The clipboard data is transferred as base64-encoded PNG over stdout, so no file path conversion or temp files are needed.
:::info WSLg Note
If you're running WSLg (WSL2 with GUI support), Hermes tries the PowerShell path first, then falls back to `wl-paste`. WSLg's clipboard bridge only supports BMP format for images — Hermes auto-converts BMP to PNG using Pillow (if installed) or ImageMagick's `convert` command.
:::
#### Verify WSL2 clipboard access
```bash
# 1. Check WSL detection
grep -i microsoft /proc/version
# 2. Check PowerShell is accessible
which powershell.exe
# 3. Copy an image, then check
powershell.exe -NoProfile -Command "Add-Type -AssemblyName System.Windows.Forms; [System.Windows.Forms.Clipboard]::ContainsImage()"
# Should print "True"
```
## SSH & Remote Sessions
**Clipboard image paste does not fully work over SSH.** When you SSH into a remote machine, the Hermes CLI runs on the remote host. Clipboard tools (`xclip`, `wl-paste`, `powershell.exe`, `osascript`) read the clipboard of the machine they run on — which is the remote server, not your local machine. Your local clipboard image is therefore inaccessible from the remote side.
Text can sometimes still bridge through terminal paste or OSC52, but image clipboard access and local screenshot temp paths remain tied to the machine running Hermes.
### Workarounds for SSH
1. **Upload the image file** — Save the image locally, upload it to the remote server via `scp`, VSCode's file explorer (drag-and-drop), or any file transfer method. Then reference it by path. *(A `/attach <filepath>` command is planned for a future release.)*
2. **Use a URL** — If the image is accessible online, just paste the URL in your message. The agent can use `vision_analyze` to look at any image URL directly.
3. **X11 forwarding** — Connect with `ssh -X` to forward X11. This lets `xclip` on the remote machine access your local X11 clipboard. Requires an X server running locally (XQuartz on macOS, built-in on Linux X11 desktops). Slow for large images.
4. **Use a messaging platform** — Send images to Hermes via Telegram, Discord, Slack, or WhatsApp. These platforms handle image upload natively and are not affected by clipboard/terminal limitations.

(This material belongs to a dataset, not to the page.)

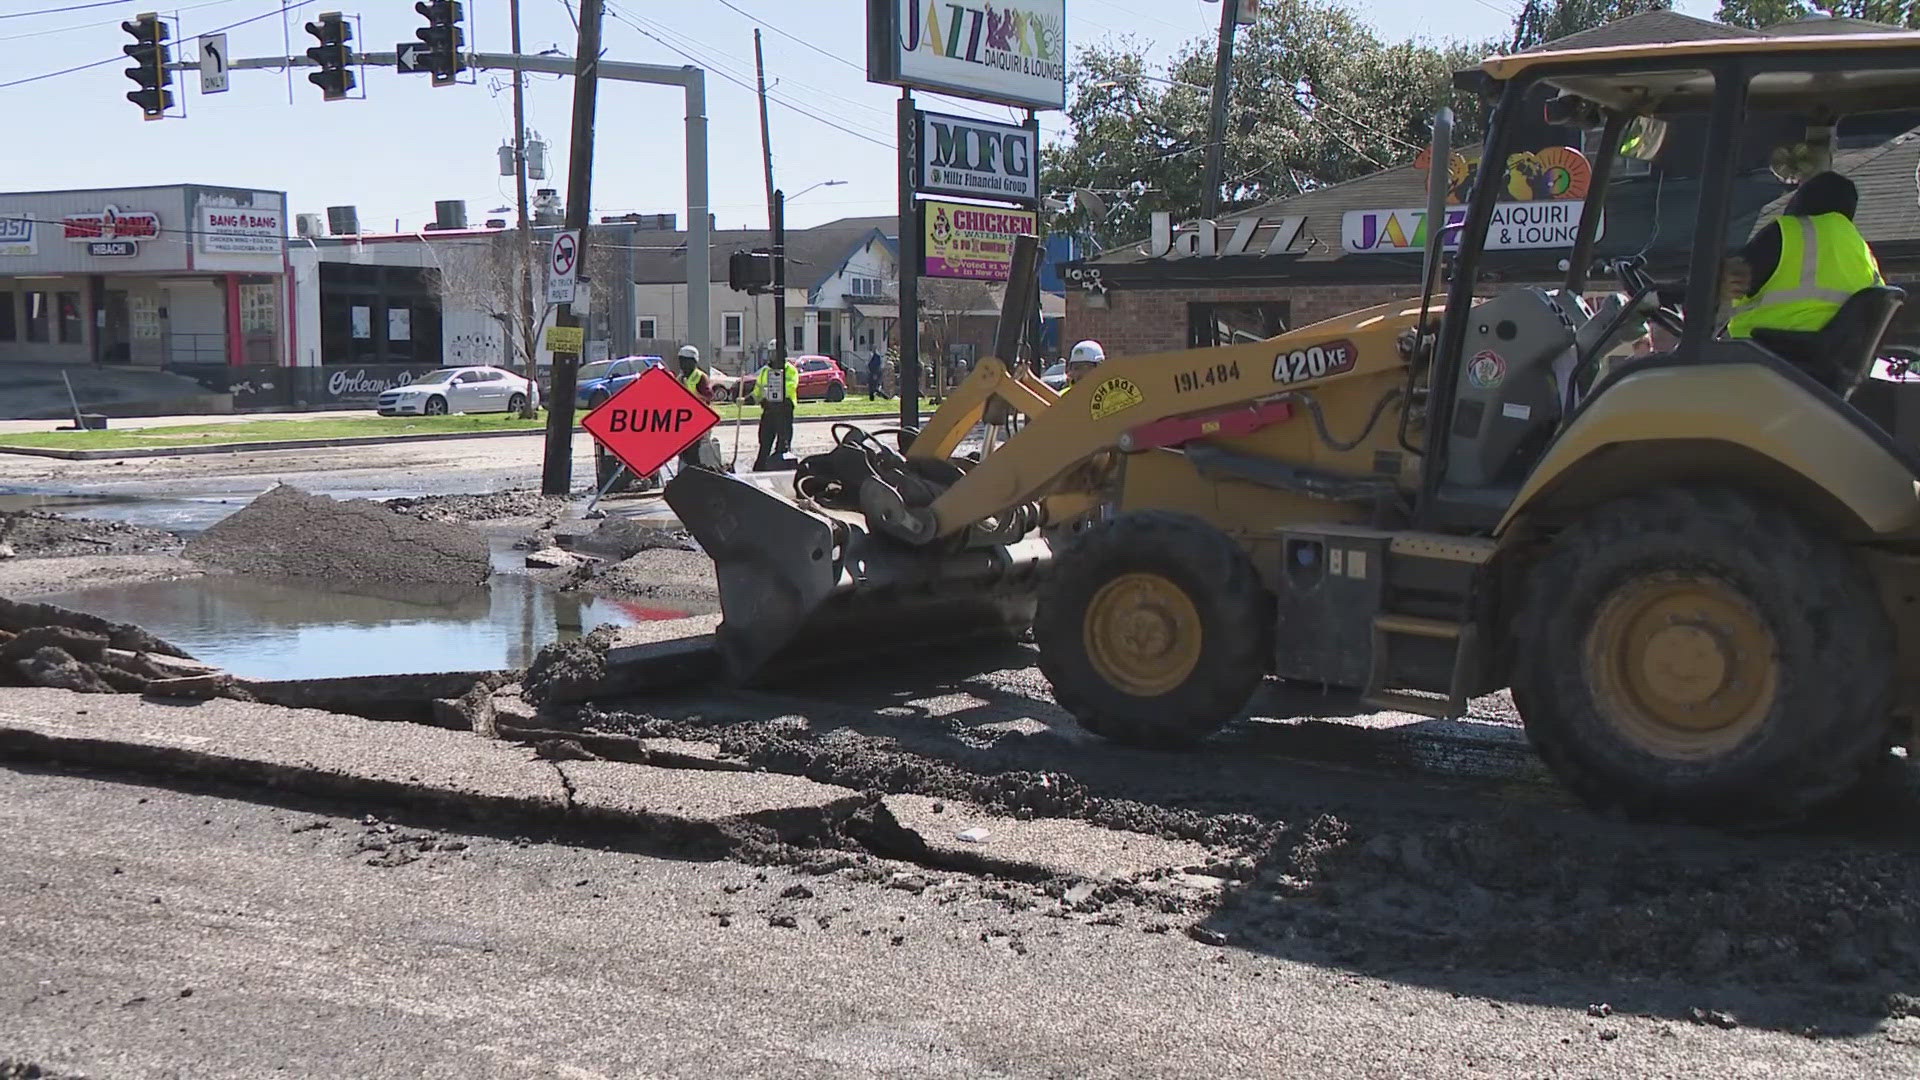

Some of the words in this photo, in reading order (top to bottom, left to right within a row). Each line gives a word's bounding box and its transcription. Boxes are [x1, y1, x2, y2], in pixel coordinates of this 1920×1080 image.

## Why Terminals Can't Paste Images
This is a common source of confusion, so here's the technical explanation:
Terminals are **text-based** interfaces. When you press Ctrl+V (or Cmd+V), the terminal emulator:
1. Reads the clipboard for **text content**
2. Wraps it in [bracketed paste](https://en.wikipedia.org/wiki/Bracketed-paste) escape sequences
3. Sends it to the application through the terminal's text stream
If the clipboard contains only an image (no text), the terminal has nothing to send. There is no standard terminal escape sequence for binary image data. The terminal simply does nothing.
This is why Hermes uses a separate clipboard check — instead of receiving image data through the terminal paste event, it calls OS-level tools (`osascript`, `powershell.exe`, `xclip`, `wl-paste`) directly via subprocess to read the clipboard independently.
## Supported Models
Image paste works with any vision-capable model. The image is sent as a base64-encoded data URL in the OpenAI vision content format:
```json
{
"type": "image_url",
"image_url": {
"url": "data:image/png;base64,..."
}
}
```
Most modern models support this format, including GPT-4 Vision, Claude (with vision), Gemini, and open-source multimodal models served through OpenRouter.